* **What you will do**:
Since the copy must hold text only, transcribe the data below exactly and omit the images.

(Stored data Opens)

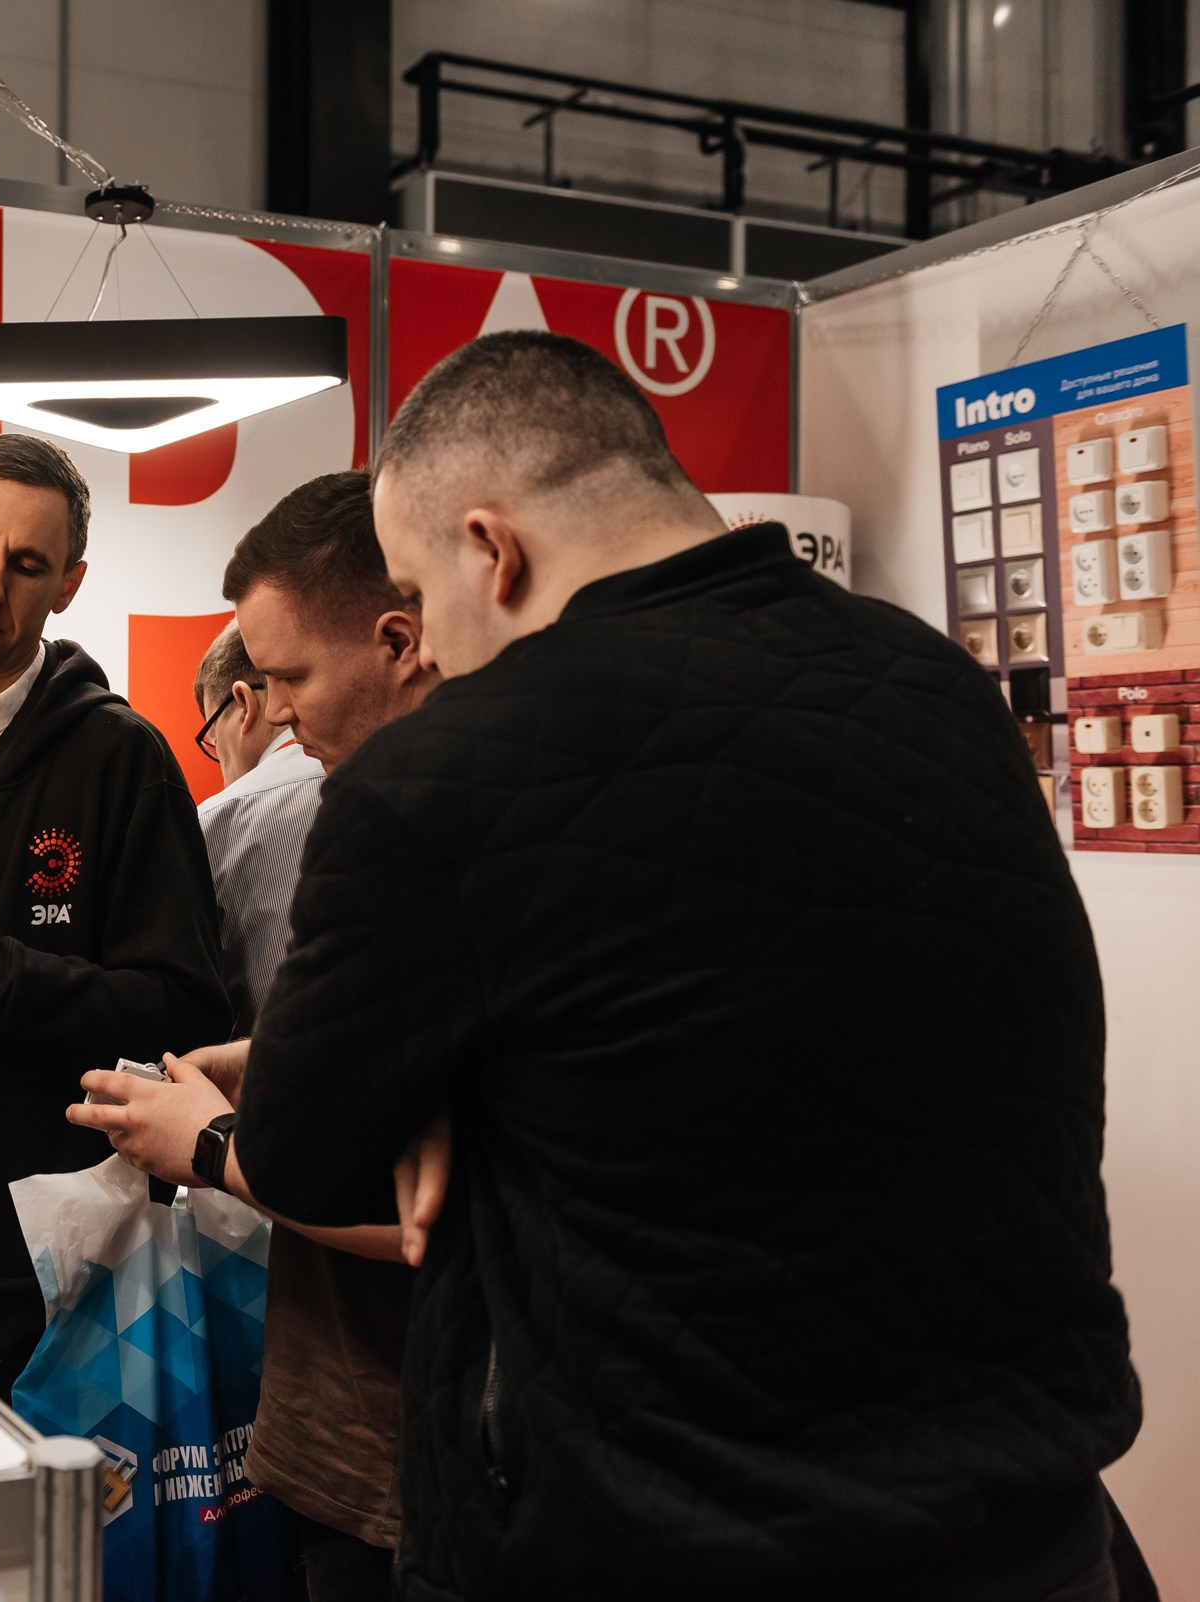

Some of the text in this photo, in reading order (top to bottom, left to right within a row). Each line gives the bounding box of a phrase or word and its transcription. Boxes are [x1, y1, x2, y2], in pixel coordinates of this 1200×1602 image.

[1076, 373, 1160, 401] для вашего дома
[954, 387, 1037, 430] Intro
[1094, 406, 1144, 425] Quadro
[957, 438, 990, 457] Piano
[1003, 429, 1032, 447] Solo
[795, 533, 846, 574] ЭРА
[1117, 686, 1148, 701] Polo
[152, 1446, 208, 1475] ФОРУМ
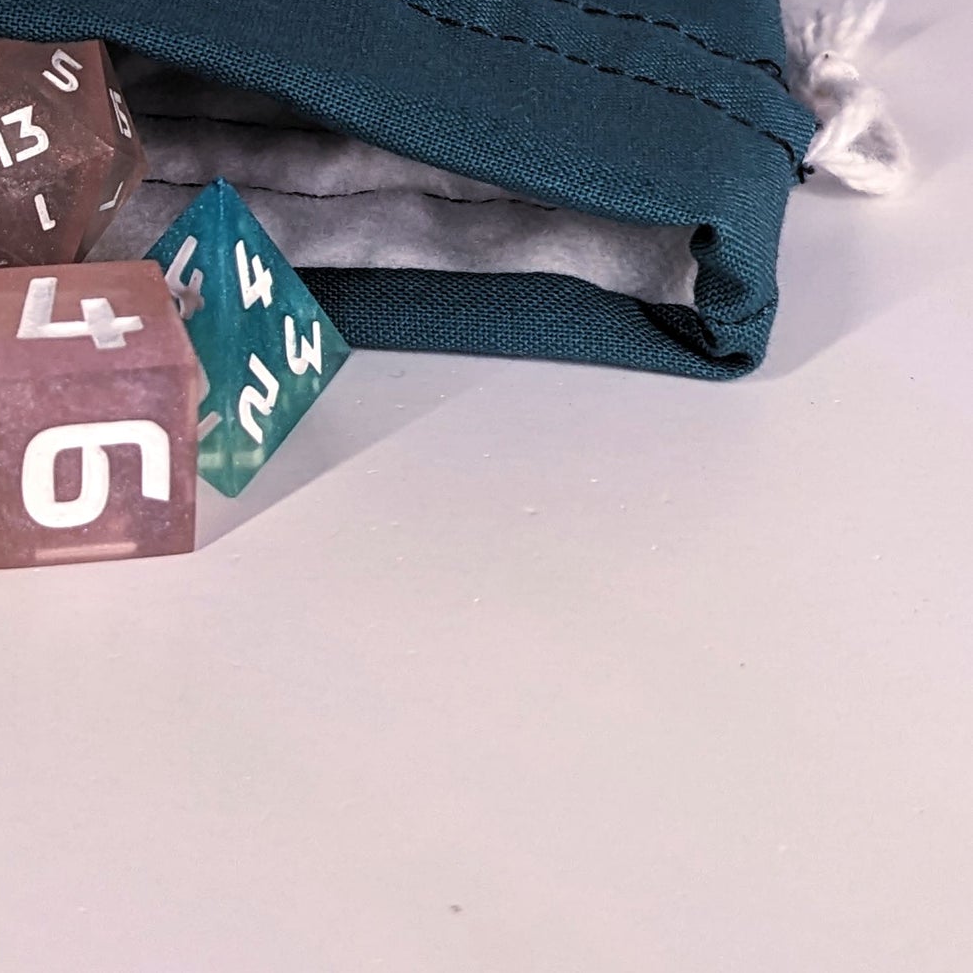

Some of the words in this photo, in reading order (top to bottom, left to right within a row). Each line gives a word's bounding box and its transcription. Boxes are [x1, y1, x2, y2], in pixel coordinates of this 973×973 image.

[41, 48, 83, 93] 5
[33, 193, 57, 231] 1
[235, 239, 274, 310] 4
[17, 277, 144, 349] 4
[284, 315, 323, 376] 3
[238, 352, 280, 444] 2
[21, 419, 171, 529] 6
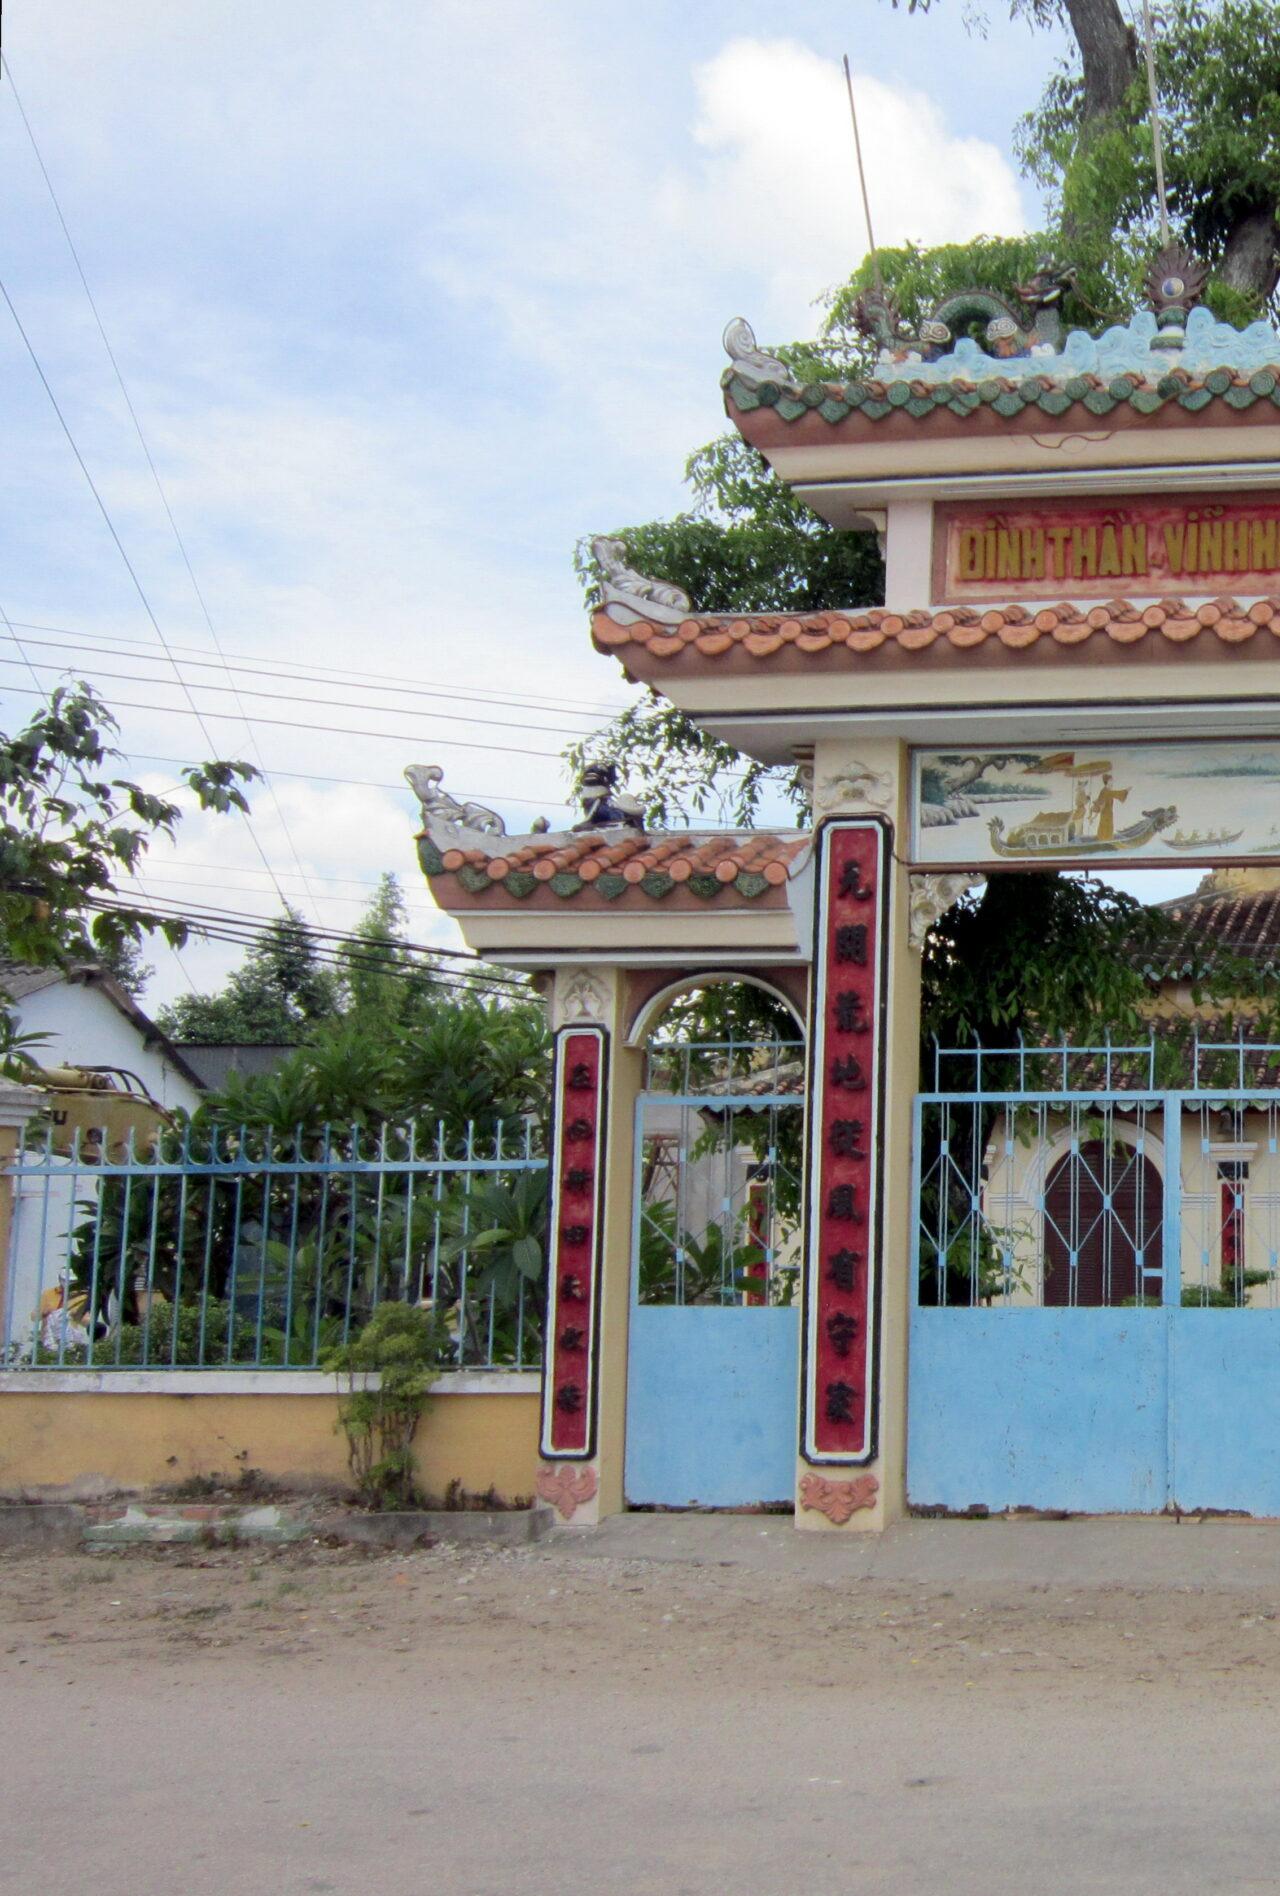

(Stored data Closes)

* **Solution**:
Some of the text in this photo, in reading order (top to bottom, left to right within a row). Each line gives the bounding box of a phrase or word and its transcription. Boxes are [x1, y1, x2, y2], in pixel coordinates of this 1200×1602 image.

[1076, 373, 1160, 401] для вашего дома
[954, 387, 1037, 430] Intro
[1094, 406, 1144, 425] Quadro
[957, 438, 990, 457] Piano
[1003, 429, 1032, 447] Solo
[795, 533, 846, 574] ЭРА
[1117, 686, 1148, 701] Polo
[152, 1446, 208, 1475] ФОРУМ

Some of the words in this photo, in reading order (top to bottom, left to right within a row). Each line gives a word's bounding box and its transcription. Boxes are [x1, y1, x2, y2], in pixel coordinates of this 973×973 image.

[41, 48, 83, 93] 5
[33, 193, 57, 231] 1
[235, 239, 274, 310] 4
[17, 277, 144, 349] 4
[284, 315, 323, 376] 3
[238, 352, 280, 444] 2
[21, 419, 171, 529] 6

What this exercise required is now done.